§ PROBLEM DETAILS: Line by line, the data below should be set down unchanged, with images excluded.

++++ DATA ++++

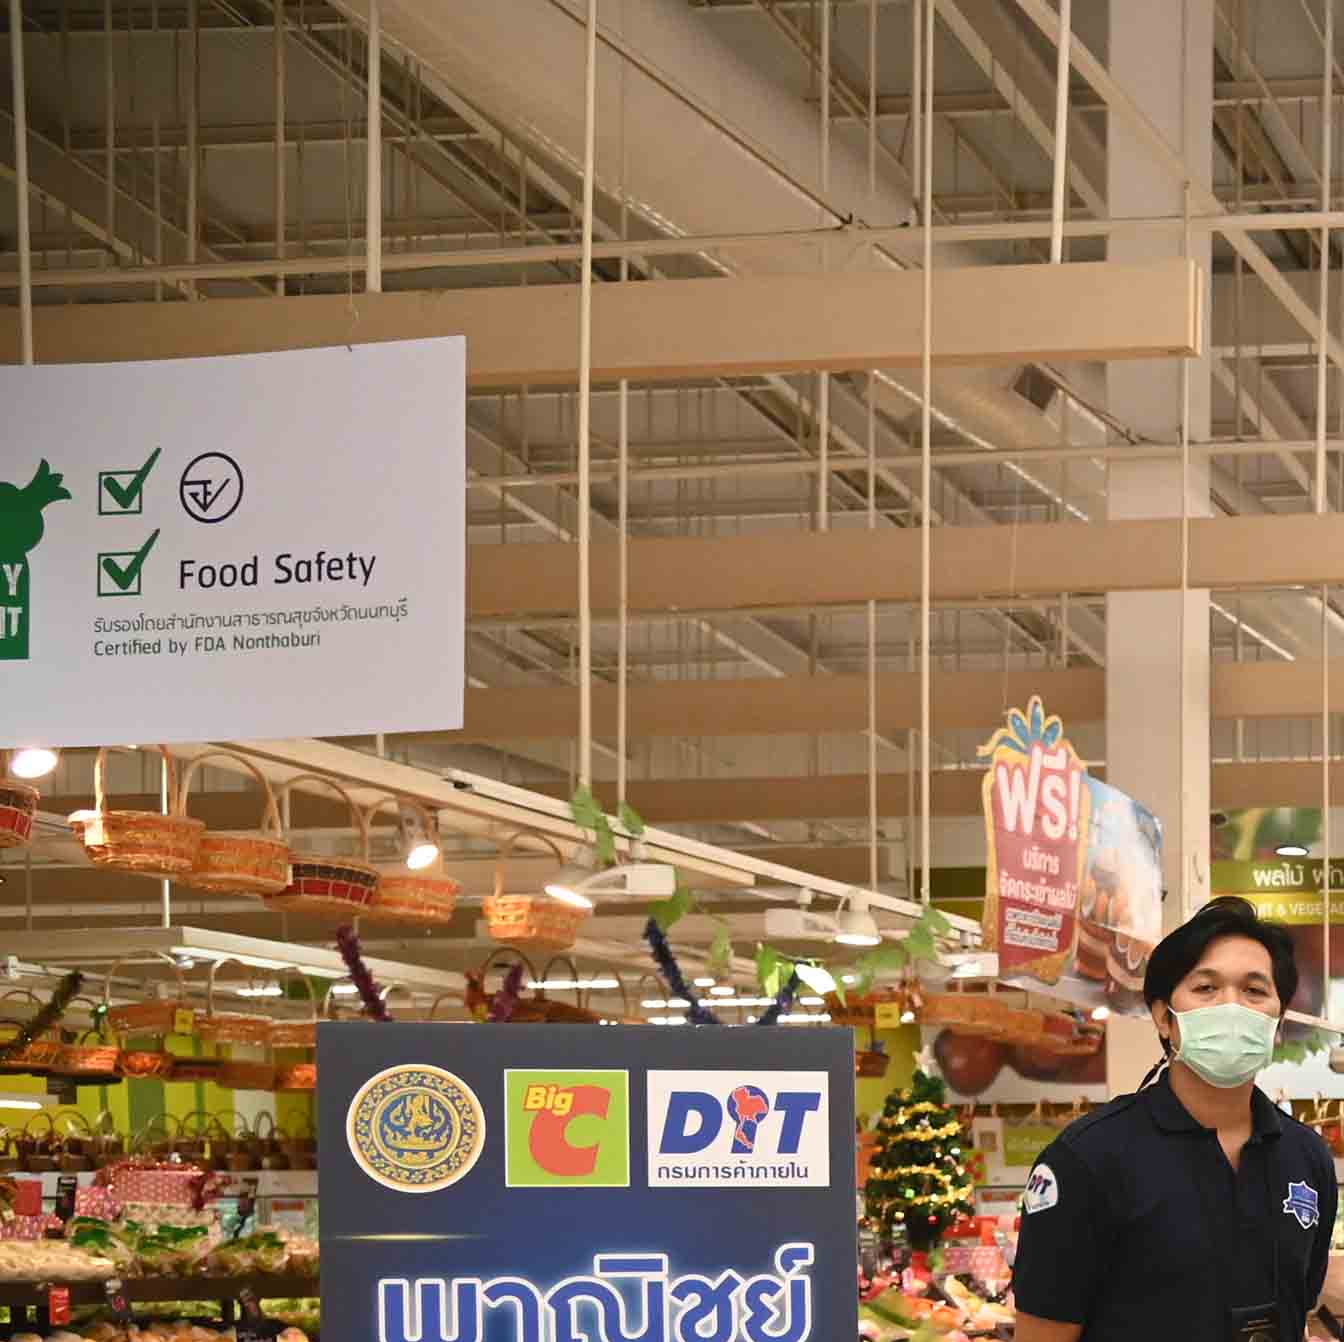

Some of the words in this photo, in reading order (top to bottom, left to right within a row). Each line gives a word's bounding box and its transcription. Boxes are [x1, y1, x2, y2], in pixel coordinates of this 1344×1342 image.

[180, 556, 259, 589] Food
[273, 553, 377, 586] Safety
[93, 638, 162, 656] Certified
[167, 638, 188, 656] by
[194, 636, 226, 652] FDA
[232, 632, 321, 650] Nonthaburi
[1252, 862, 1305, 887] ผลไม้
[524, 1083, 573, 1114] Big
[529, 1085, 611, 1177] C
[658, 1160, 809, 1180] กรมการค้าภายใน
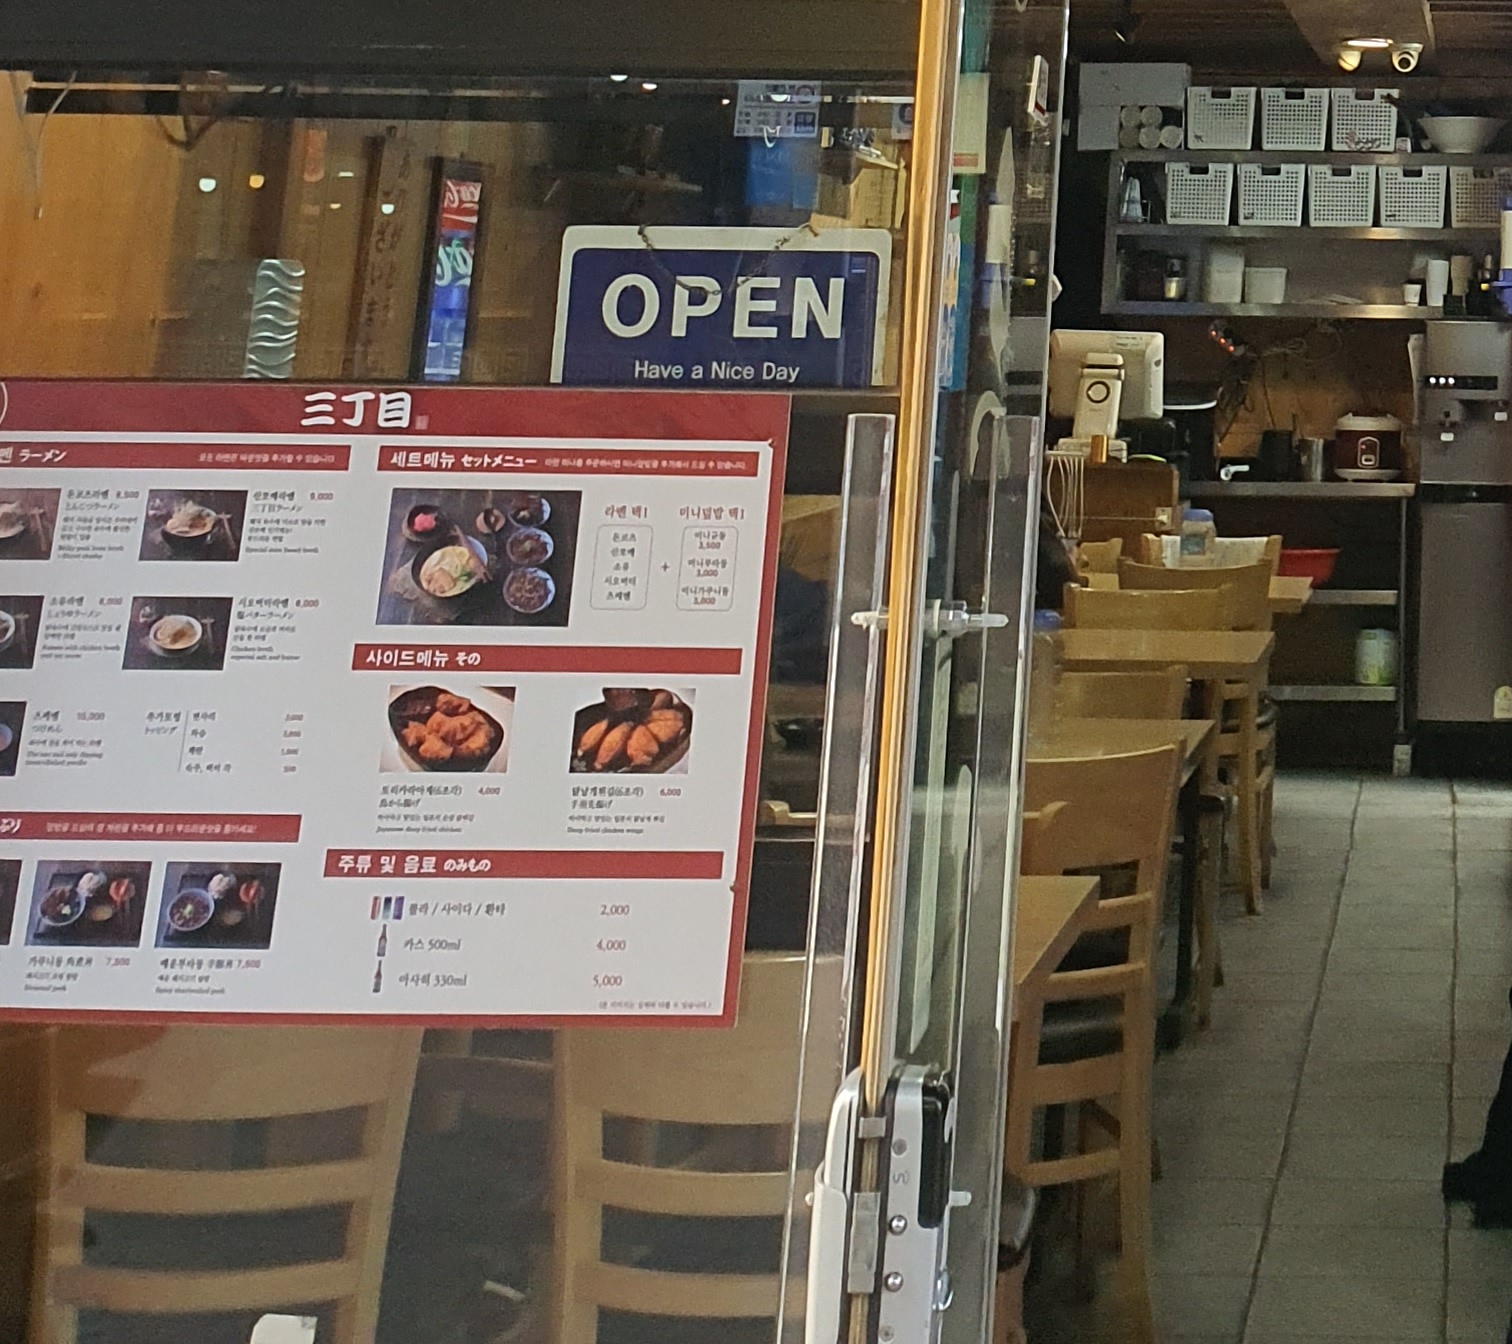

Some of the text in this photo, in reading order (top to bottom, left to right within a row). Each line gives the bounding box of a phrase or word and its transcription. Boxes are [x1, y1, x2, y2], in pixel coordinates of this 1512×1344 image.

++++

§ OUTPUT FOR THIS EXERCISE:
Some of the words in this photo, in reading order (top to bottom, left to right within a row). Each line gives a word's bounding box and its transcription. Boxes are [x1, y1, x2, y2], in pixel coordinates of this 1344×1342 image.

[180, 556, 259, 589] Food
[273, 553, 377, 586] Safety
[93, 638, 162, 656] Certified
[167, 638, 188, 656] by
[194, 636, 226, 652] FDA
[232, 632, 321, 650] Nonthaburi
[1252, 862, 1305, 887] ผลไม้
[524, 1083, 573, 1114] Big
[529, 1085, 611, 1177] C
[658, 1160, 809, 1180] กรมการค้าภายใน

Some of the text in this photo, in reading order (top to bottom, left to right within a row). Each line gives the bounding box of a phrase or word and its transcription. Boxes are [x1, y1, x2, y2], in pixel coordinates of this 1512×1344 image.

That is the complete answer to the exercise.